David Cameron: It would be 'madness' to leave the EU just to bring down migration

EU debate: David Cameron was grilled by a live TV audience
Sky News
Hannah Al-Othman2 June 2016

David Cameron has insisted that Britain can achieve balanced migration with the European Union - despite the fact that he has failed to meet his "ambition" of bring net migration below 100,000.

Facing the cameras for his first setpiece TV event of the EU referendum campaign, the Prime Minister acknowledged that around 600,000 more EU nationals had come to live and work in the UK since the start of his premiership than Britons moving to the continent.

But he said it would be "madness" to try to bring the net migration figure down by quitting the EU, which he said would "trash" the UK economy.

Instead, he said he expected immigration and emigration rates with the rest of the EU to come into balance as the economies of members like Ireland, France and Germany catch up with the "extraordinary" job-creation record of the UK - though he declined to put a timetable on the development.

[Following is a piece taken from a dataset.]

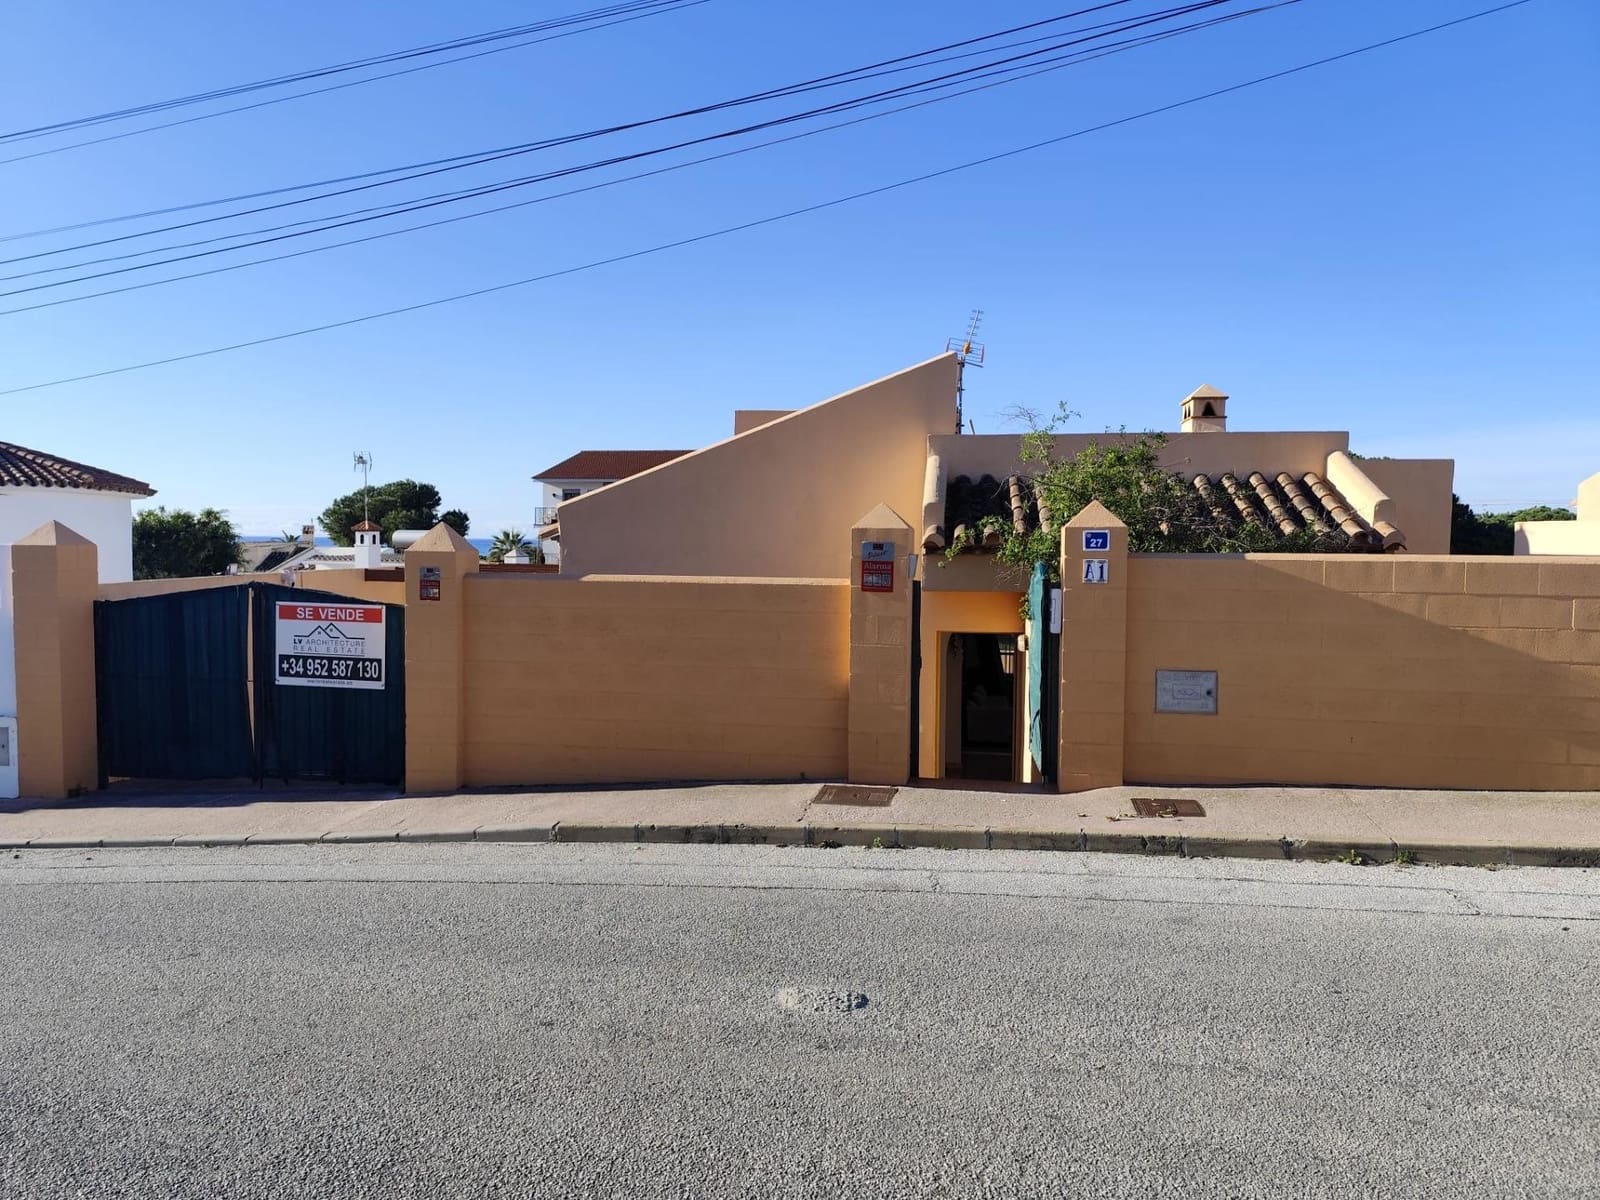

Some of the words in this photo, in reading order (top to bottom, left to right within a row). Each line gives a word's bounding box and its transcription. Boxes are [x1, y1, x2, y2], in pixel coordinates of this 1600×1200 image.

Speaking on Sky News's Europe In or Out broadcast, Mr Cameron said he stuck by his "aspiration" of bringing net migration into the UK - which last month hit 333,000 - below 100,000.

The Prime Minister said when he promised to reduce net migration to tens of thousands things were different, maintaining it was not a pledge but an aspiration.

As he was grilled by a live TV audience, Mr Cameron blamed the growth of the UK economy for attracting people from Europe.

But he insisted: "It would be madness to try to do that by trashing our economy and pulling out of the single market."

Mr Cameron said that since he came to power in 2010, around 600,000 Britons had gone to live and work in other EU countries while 1.2 million EU citizens had come to the UK.

But he said: "The way to meet that challenge mustn't be to leave the single market, harm our economy, hurt jobs and damage our country. We have got to find the right way of dealing with the movement of people, not the wrong way."

Mr Cameron said: "There are good ways of controlling migration and there are bad ways. A good way is doing what I did in my renegotiation - which hasn't come into effect yet and will if we stay in the EU - which is to say to people `If you come to our country, first of all you don't claim unemployment benefit, after six months if you haven't got a job you have to leave, and when you do get a job you have to work for four years, paying into the system, before you get full access to our welfare system'.

"I think we should welcome the fact that people want to come to our country, work hard, make a contribution, pay into our system, but they ought to pay in before they get out. And that's what I've secured through my negotiation. No more something for nothing."

Mr Cameron added: "We are in a single market. It is a market of 500 million people. It is vital to the success of our businesses. Part of that single market is British people being able to work and live in other European countries and Europeans being able to live and work in our country.

"If you want to get out of the single market, which is what the Leave campaign want to do, you will fundamentally damage our economy. That cannot be the right way of controlling immigration. It would make our economy smaller, it would cost jobs, we would be poorer as a country.

"That would have a real effect on people watching this show - fewer jobs, we'd see prices go up because the pound would go down, the cost of the weekly shop would go up."